Kelli Novak adds, “In my practice, I have noticed there are a lot of men in their middle ages who are friendless; they tend to depend on their wives to make connections with others. If their marriage ends or the wife dies, their social networks quickly deteriorate and they can be left feeling extremely isolated.”
Re-engage is the only UK charity aiming to end loneliness for those aged 75 and over. They say men are outnumbered at their specially organised tea parties by five to one. Jenny Willott, the chief executive of Re-engage, shares: “The level of loneliness among older people is quite shocking. Some of them rarely leave their homes or speak to anyone. In fact, some say their existence is just like being in prison. You can appreciate the scale of the problem when 100 older people are referred to us every week.”
Ian Sinclair is an eloquent and engaging 85-year-old who lives in Lanarkshire, Scotland. “I lost my wife, Chris, 12 years ago; we were married 45 years,” he says. “It was so strange after she went, walking through the front door and realising I wouldn’t see her. Having a routine helped, but if I ever found myself with nothing to do, I’d mope around, often talking to her in my head. I still turn over in bed and think, ‘Don’t disturb Chris’, but of course, she’s not there. Through Re-engage I joined a group who meet up once a month for a tea party at a host’s house. It gives me something to look forward to and the social interaction helps me to feel connected. We laugh and share our news. I always come back home feeling more upbeat. It’s good to have company.”
“I started a new job in a new town, and I had no friends,” recalls Kate Turner, 48. I was stressed and lonely, but forever walking around with a smile on my face, pretending everything was okay. Within two months I was covered in scaly, itchy psoriasis. I looked like I had extreme sunburn. When I went to my GP she said the flare-up was related to my anxiety. I broke down in her surgery and told her how lonely I felt. It was such a relief saying it out loud.”

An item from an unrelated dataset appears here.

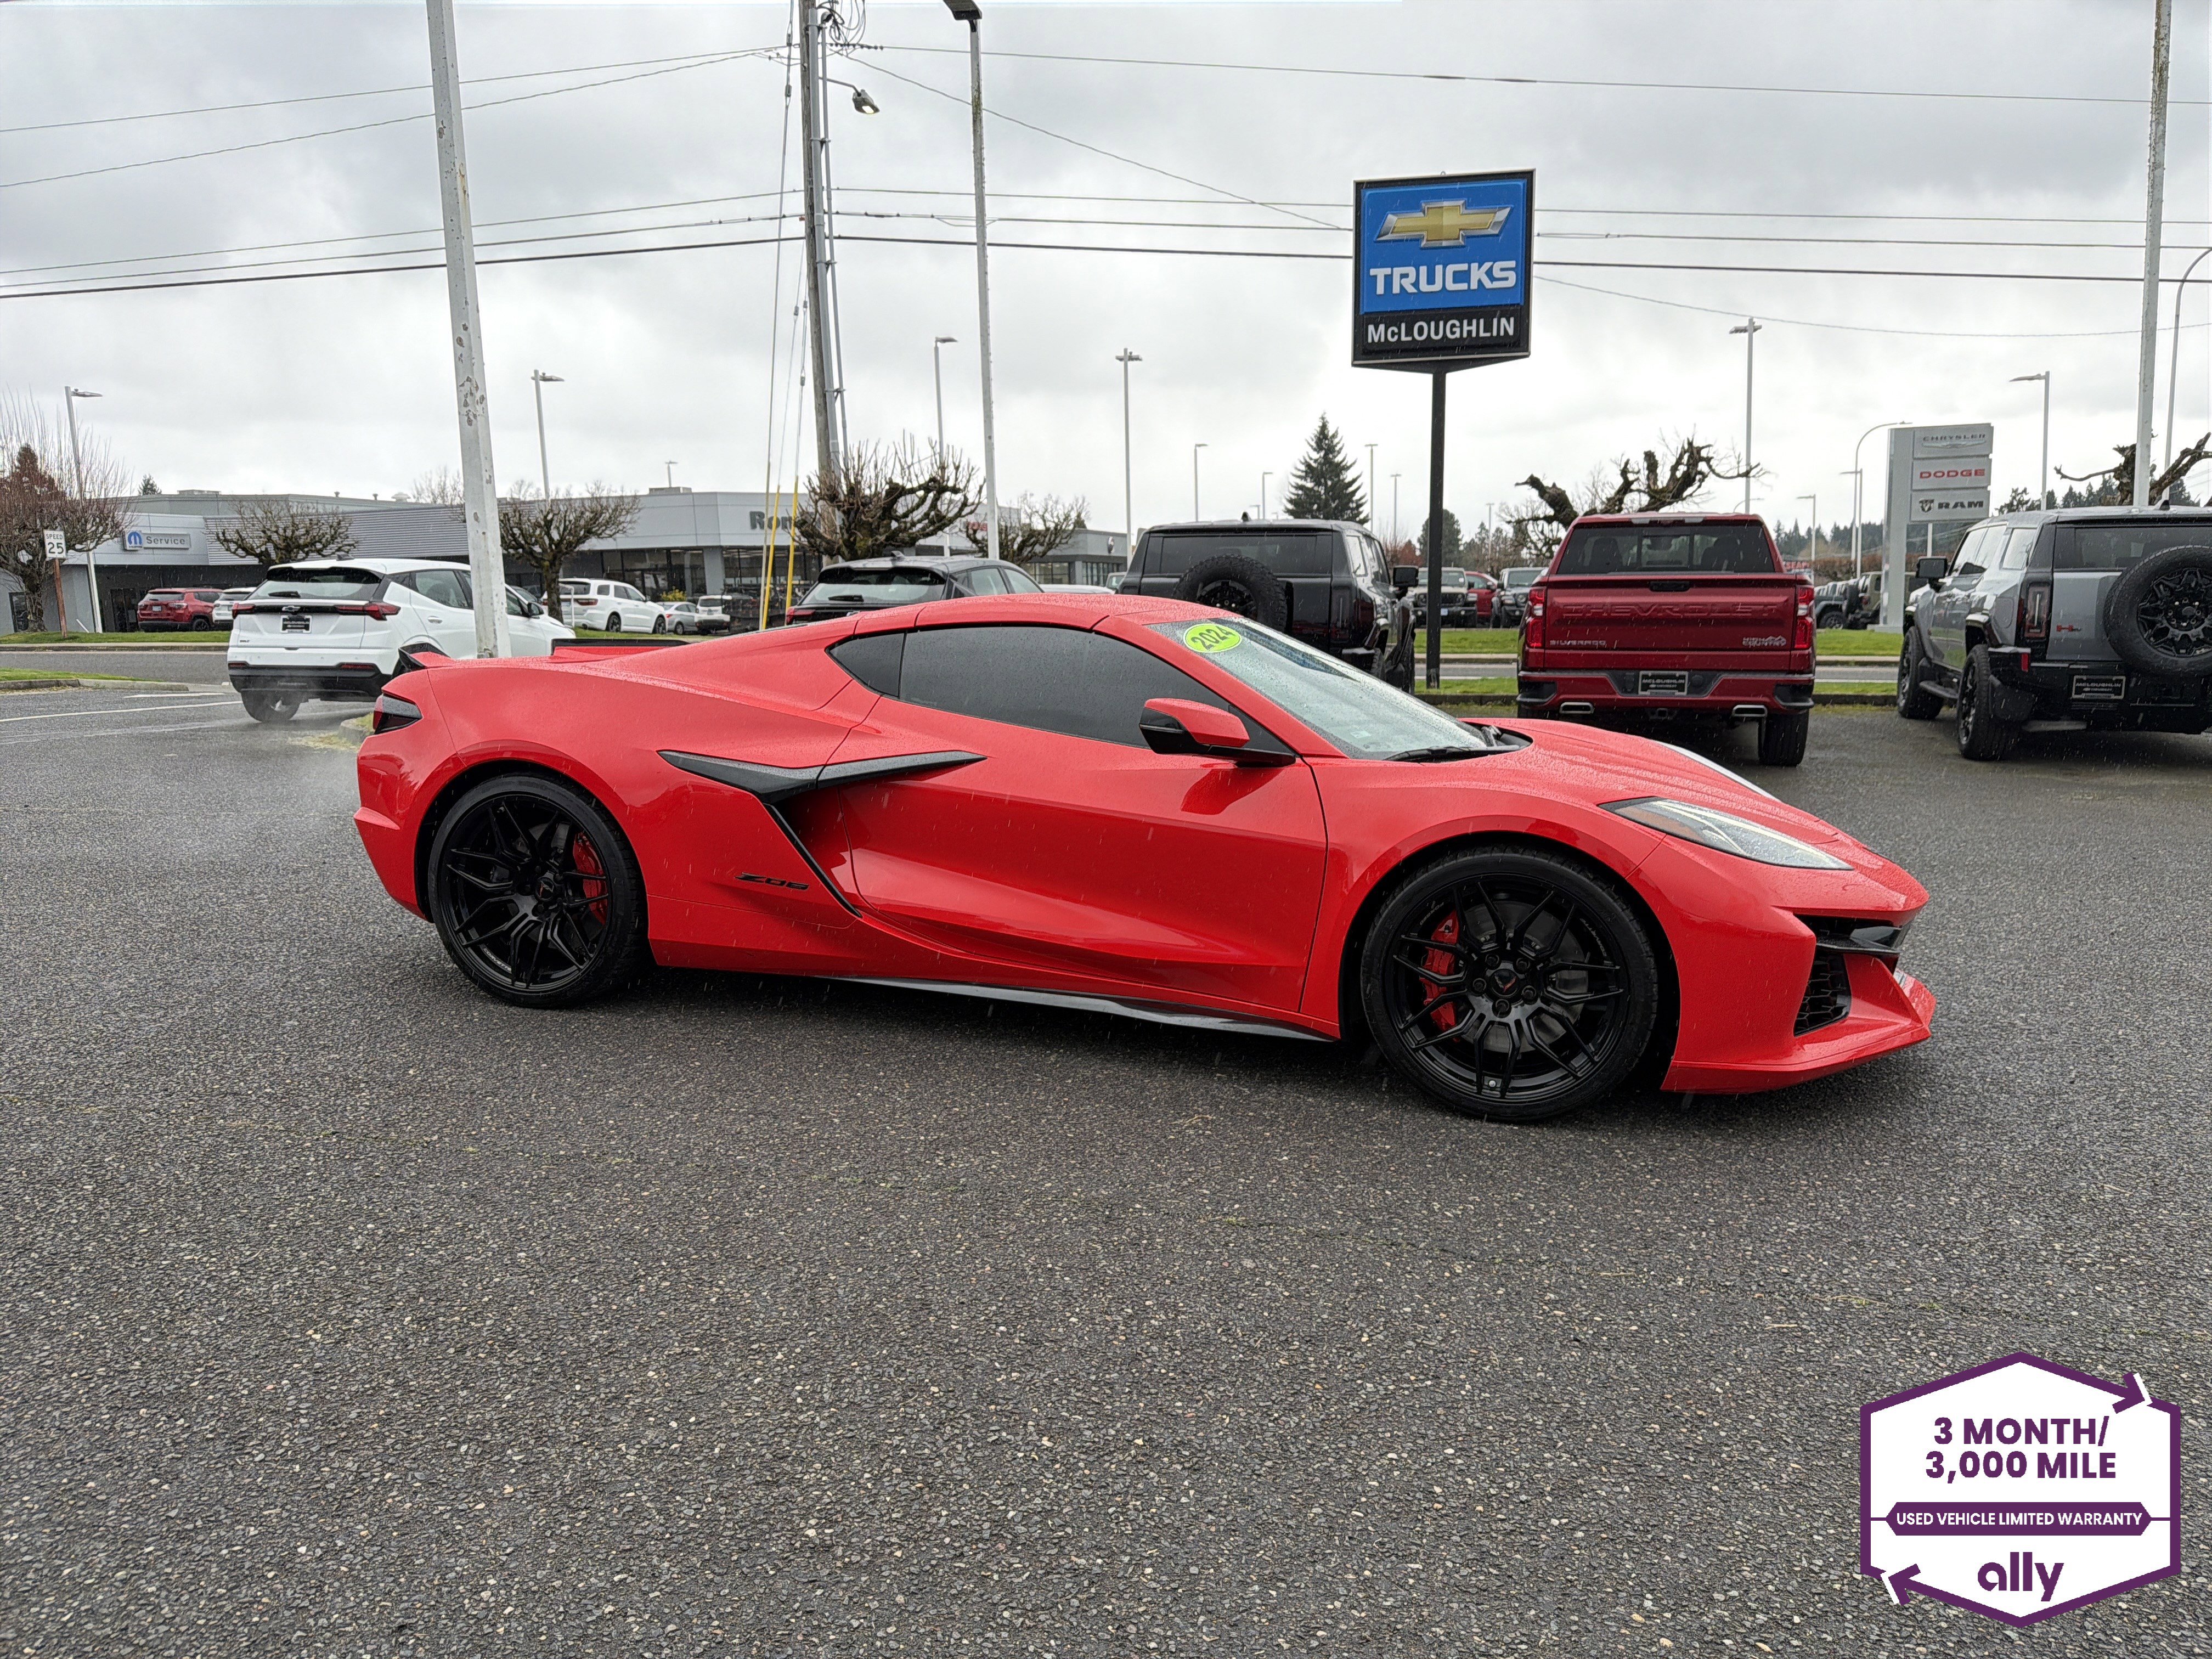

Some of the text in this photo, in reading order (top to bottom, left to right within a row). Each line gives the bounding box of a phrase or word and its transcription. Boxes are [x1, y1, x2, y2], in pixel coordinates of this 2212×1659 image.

On a very basic level, being with others means someone is watching out for us. Family and friends will remind us to take a tablet, they might notice something untoward going on in our bodies, they help us recover after illness.
Thibo David, a performance fitness coach, endorses the importance of connection: “Studies reveal that chronic loneliness can lead to increased inflammation, high blood pressure, and accelerated ageing. According to research, prolonged social isolation can be as harmful to health as smoking 15 cigarettes a day, significantly increasing the risk of heart disease, stroke, and early mortality.
“Other studies show that spending time with grandchildren can notably benefit grandparents’ brain function, overall mood and longevity. Dopamine, a neurotransmitter central to the brain’s reward system, is released during pleasurable activities, reinforcing positive behaviours and strengthening social bonds. In the Blue Zone (regions known for a healthier, longer life) the strong sense of community plays a crucial role in wellbeing. The bottom line is, we need people to help us be our best selves.”